**INSTRUCTIONS FOR THE TASK:** Write out the data word for word, taking care that no picture is carried over.

**INFORMATION SUPPLIED:**
▶
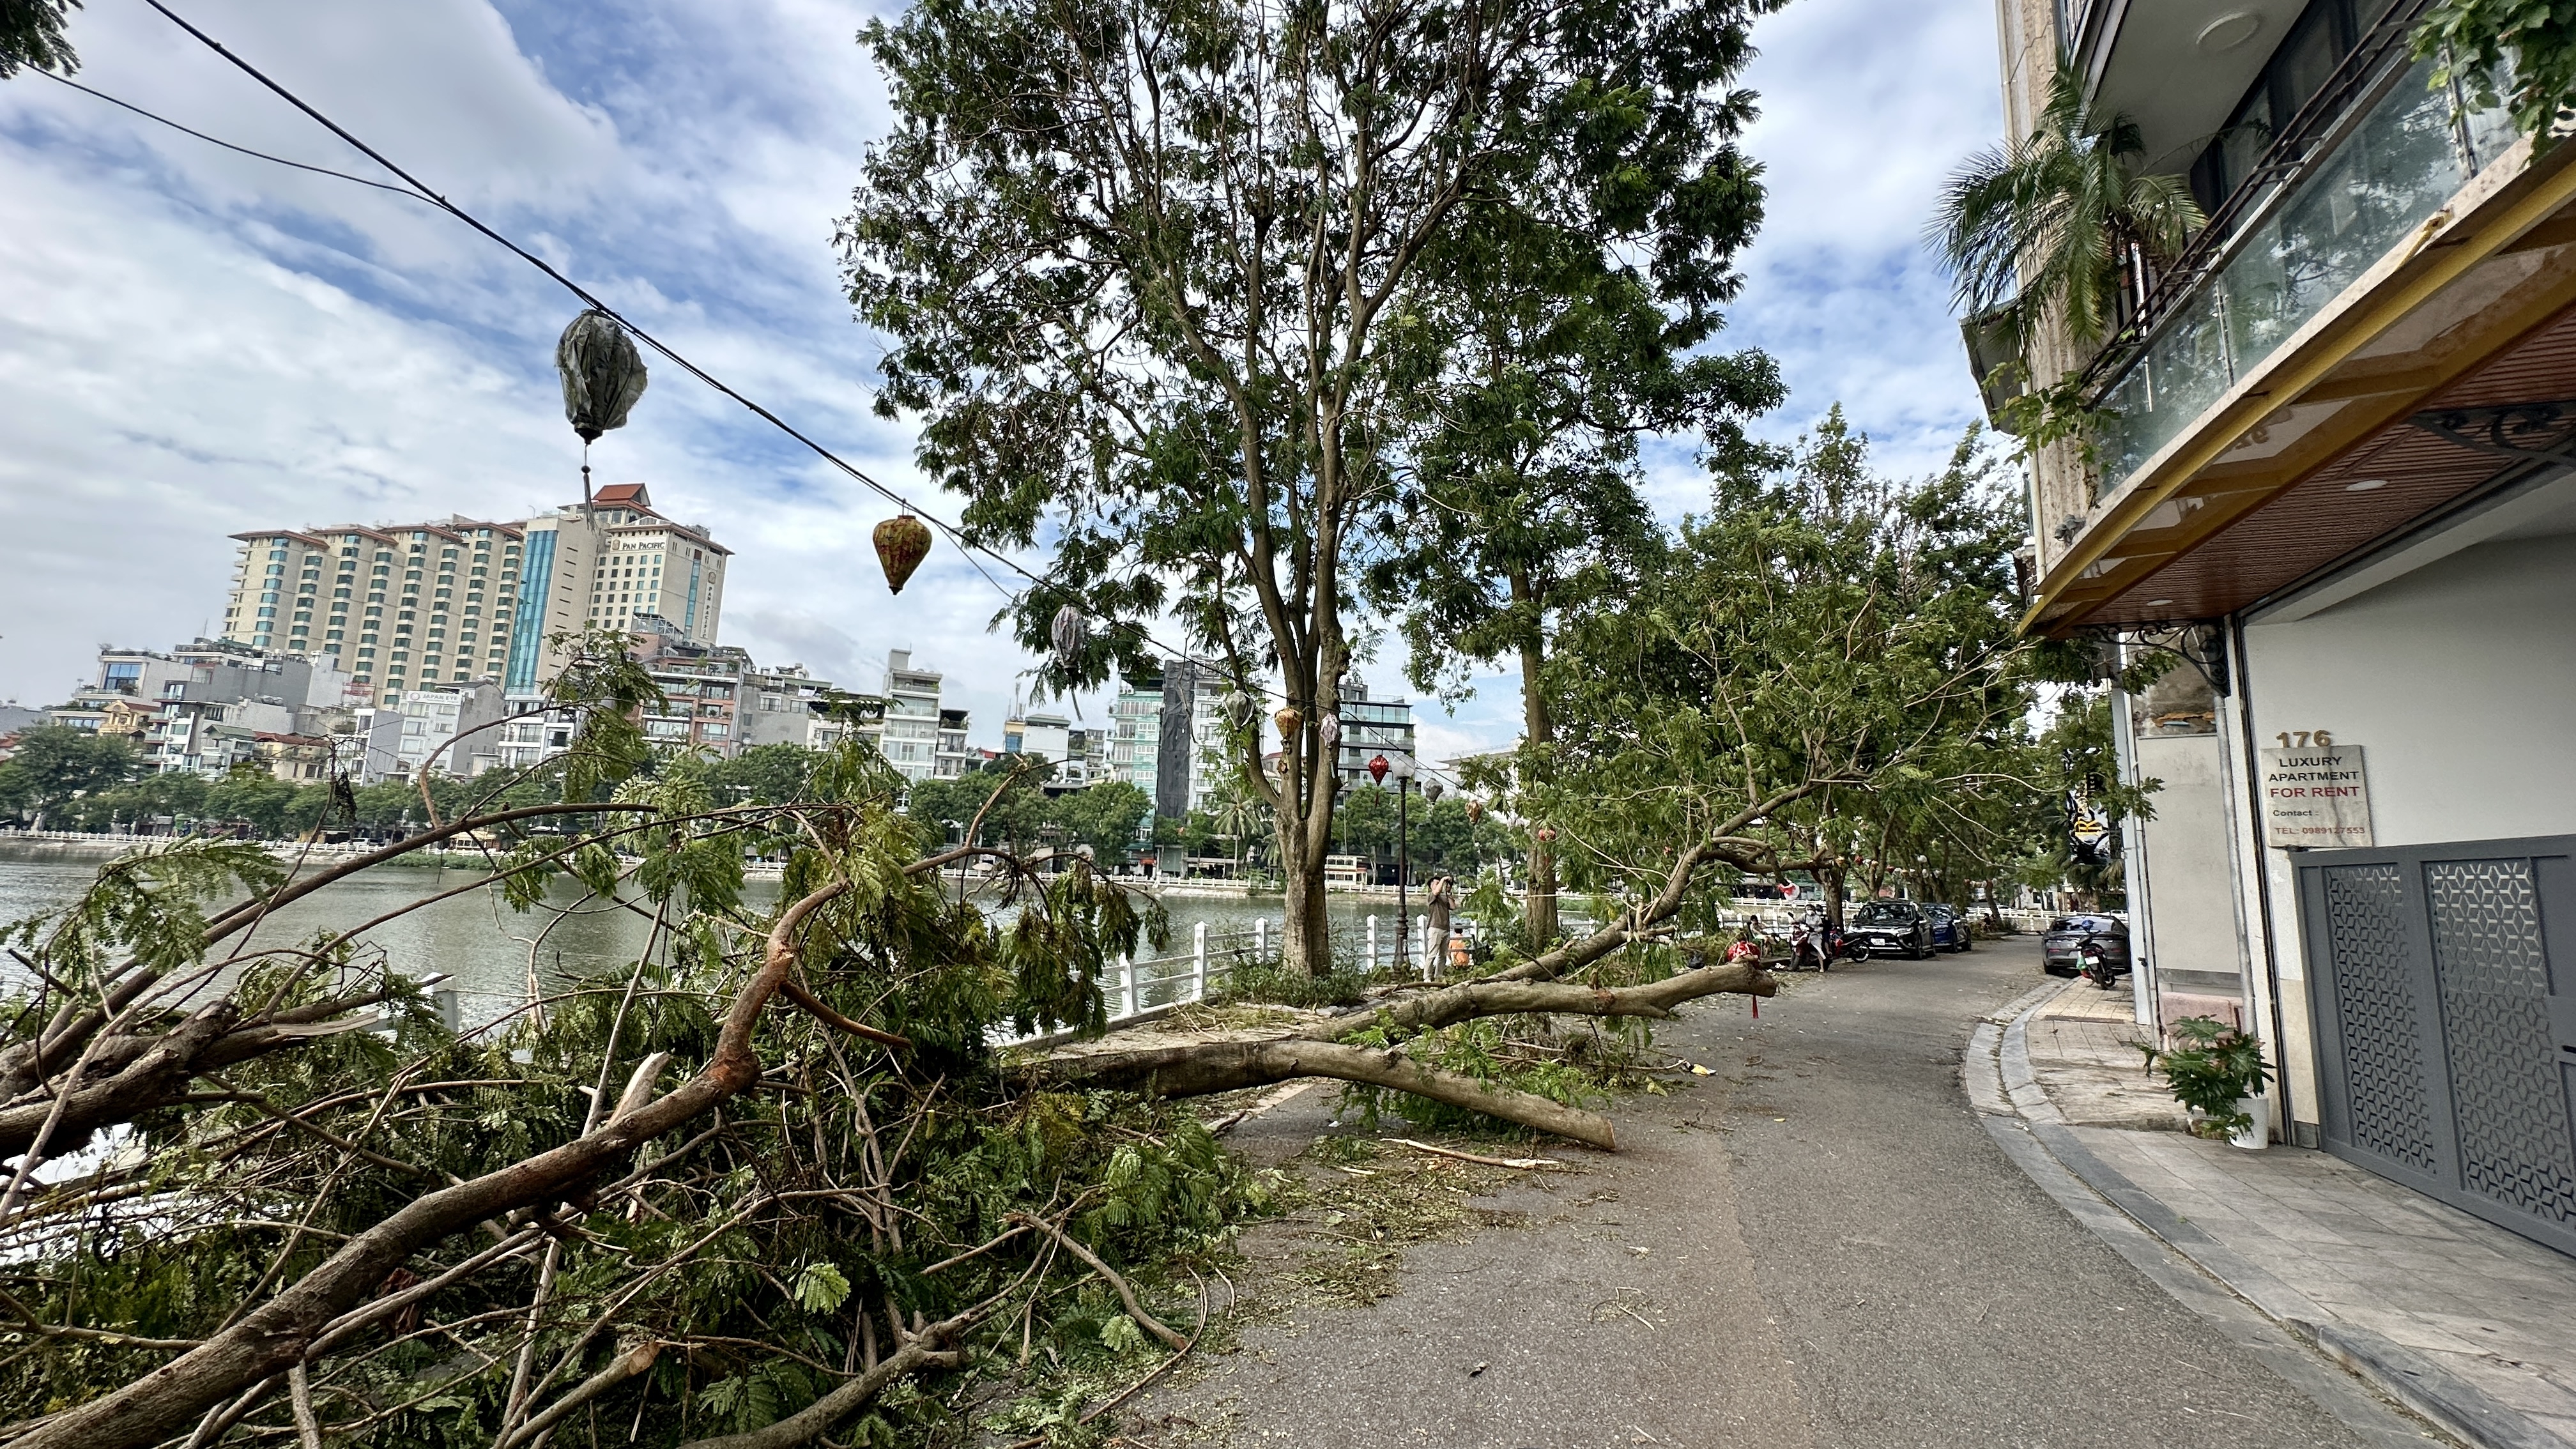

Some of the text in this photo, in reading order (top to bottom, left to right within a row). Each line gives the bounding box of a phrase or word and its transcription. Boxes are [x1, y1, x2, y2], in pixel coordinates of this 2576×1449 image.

[2276, 730, 2331, 748] 176
[2279, 756, 2342, 767] LUXURY
[2269, 771, 2359, 781] APARTMENT
[2270, 786, 2360, 799] FOR RENT
◀
**EXERCISE RESPONSE:**
Some of the text in this photo, in reading order (top to bottom, left to right within a row). Each line gives the bounding box of a phrase or word and its transcription. Boxes are [x1, y1, x2, y2], in pixel coordinates of this 2576×1449 image.

[2276, 730, 2331, 748] 176
[2279, 756, 2342, 767] LUXURY
[2269, 771, 2359, 781] APARTMENT
[2270, 786, 2360, 799] FOR RENT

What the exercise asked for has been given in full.